--- Task to carry out ---
Where the line containing "Some of the words" appears in the records below, begin there and output each line verbatim through the last line.

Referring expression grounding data

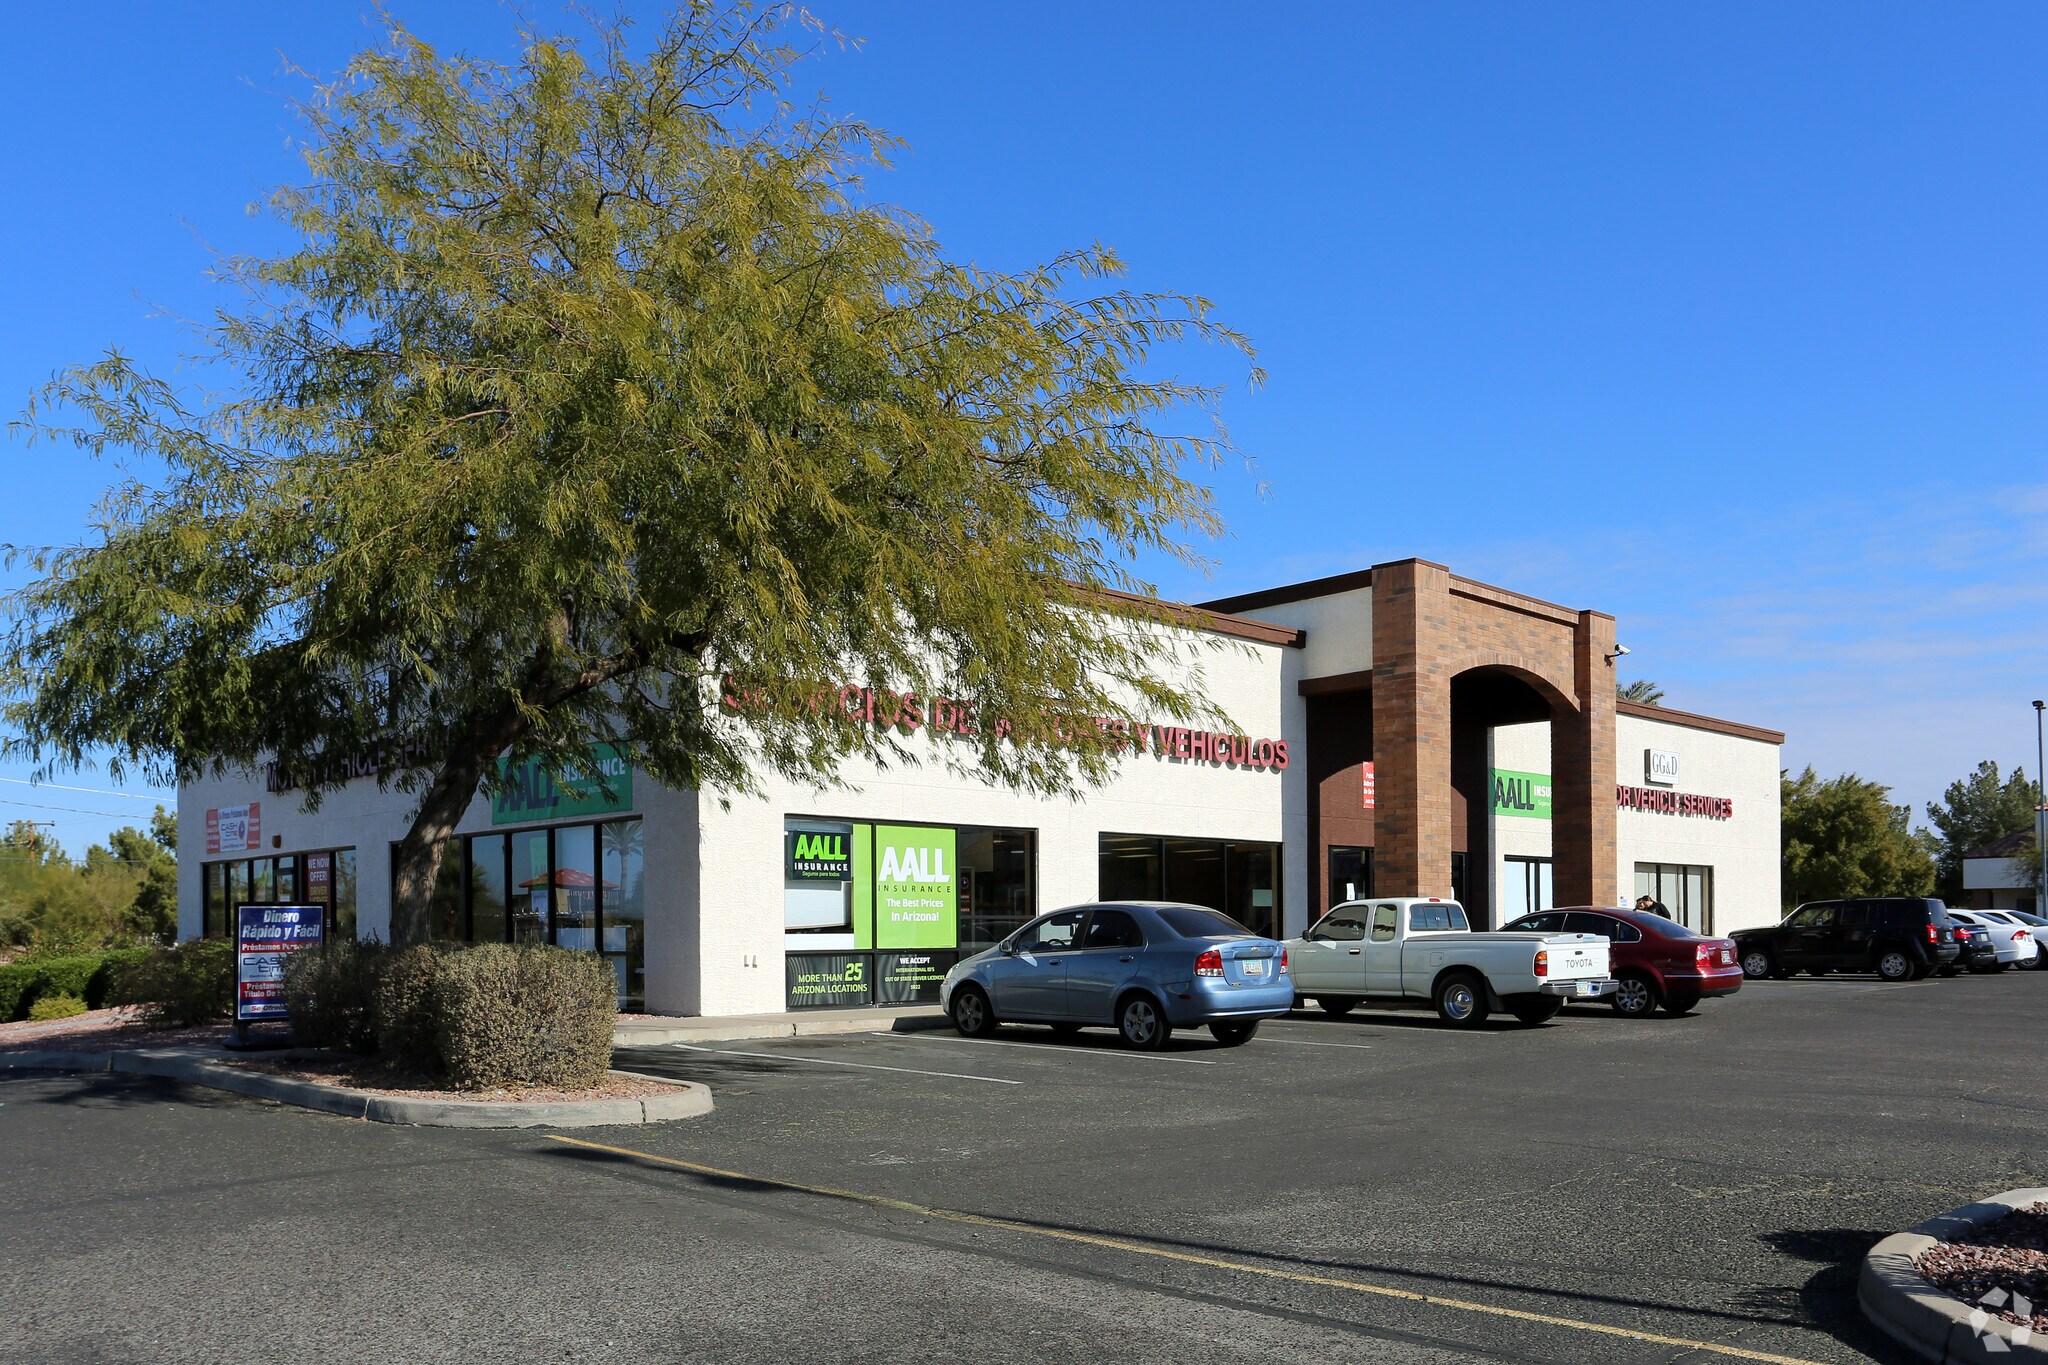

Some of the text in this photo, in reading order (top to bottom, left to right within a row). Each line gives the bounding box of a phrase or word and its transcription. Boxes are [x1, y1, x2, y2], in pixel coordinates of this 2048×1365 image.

[935, 695, 977, 735] DE
[1136, 722, 1152, 753] Y
[1158, 725, 1289, 769] VEHICULOS
[1652, 753, 1678, 776] GG&D
[498, 762, 560, 813] AALL
[1494, 776, 1535, 811] AALL
[1633, 787, 1681, 812] VEHICLE
[1683, 793, 1732, 818] SERVICES
[795, 835, 847, 860] AALL
[307, 857, 330, 869] WE NOW
[795, 862, 848, 871] INSURANCE
[879, 847, 951, 882] AALL
[310, 870, 327, 882] OFFER!
[878, 885, 951, 893] INSURANCE
[886, 898, 944, 907] The Best Prices
[263, 909, 300, 923] Dinero
[891, 911, 940, 922] In Arizona!
[242, 924, 320, 940] Rápido y Fácil
[242, 943, 281, 951] Préstamos
[899, 956, 930, 965] WE ACCEPT
[1565, 958, 1593, 968] TOYOTA
[798, 962, 863, 983] MORE THAN 25
[792, 983, 868, 994] ARIZONA LOCATIONS
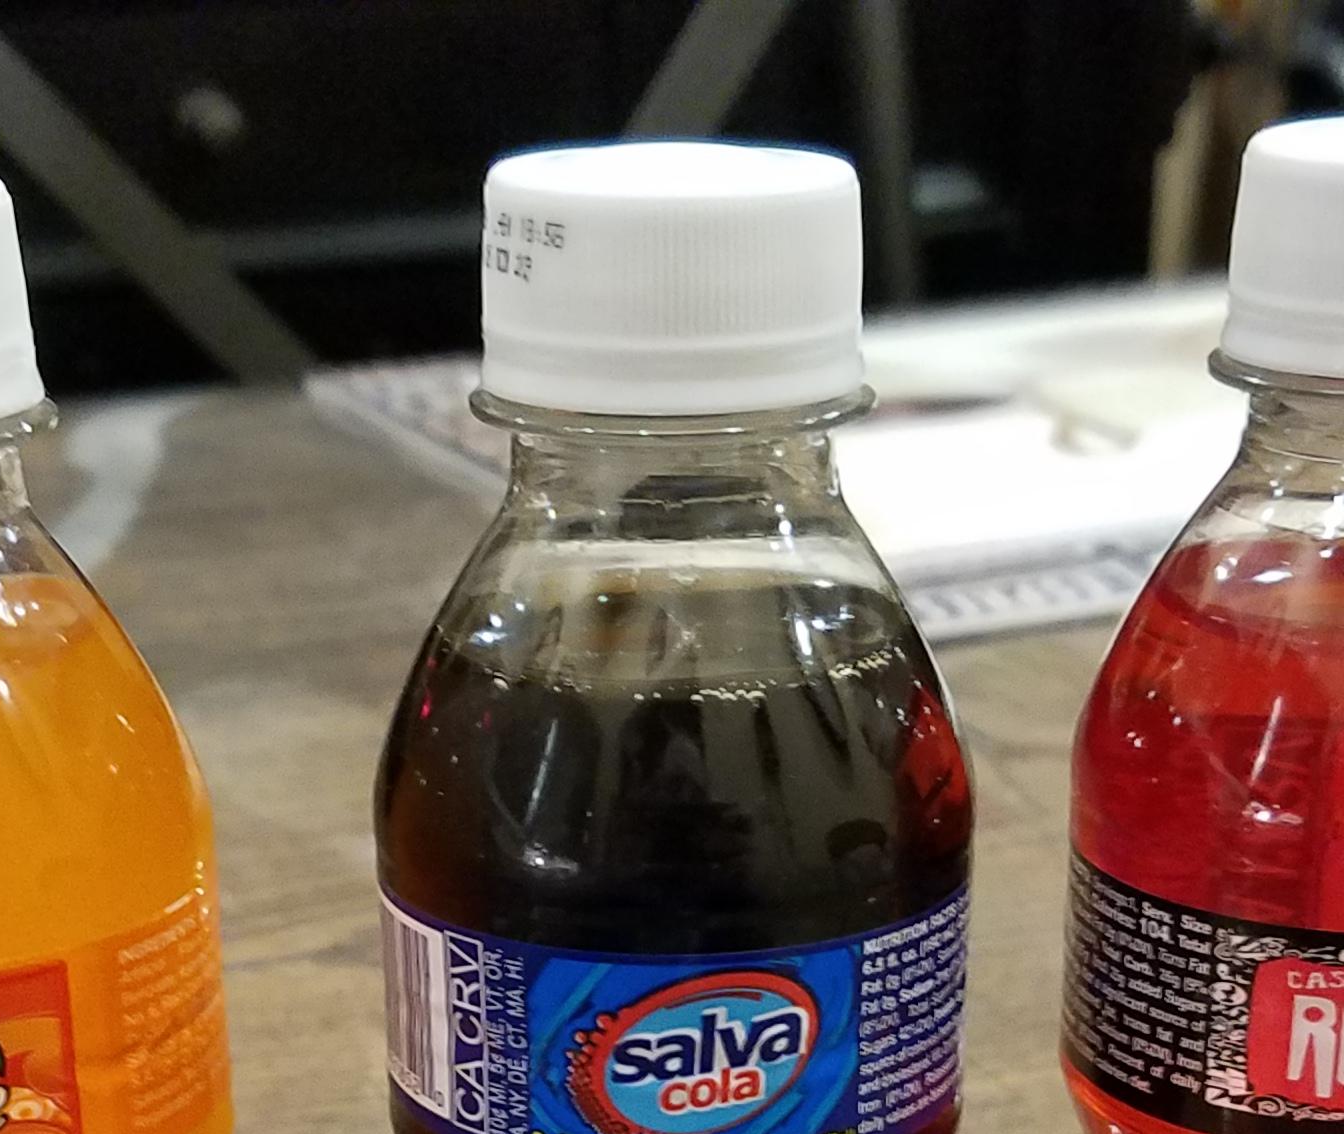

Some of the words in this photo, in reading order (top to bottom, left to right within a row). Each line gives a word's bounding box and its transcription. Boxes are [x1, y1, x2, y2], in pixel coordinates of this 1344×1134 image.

[447, 938, 484, 1046] CRV
[609, 1005, 808, 1086] salva
[454, 1058, 485, 1123] CA
[658, 1066, 765, 1114] cola

--- The answer ---
Some of the words in this photo, in reading order (top to bottom, left to right within a row). Each line gives a word's bounding box and its transcription. Boxes are [x1, y1, x2, y2], in pixel coordinates of this 1344×1134 image.

[447, 938, 484, 1046] CRV
[609, 1005, 808, 1086] salva
[454, 1058, 485, 1123] CA
[658, 1066, 765, 1114] cola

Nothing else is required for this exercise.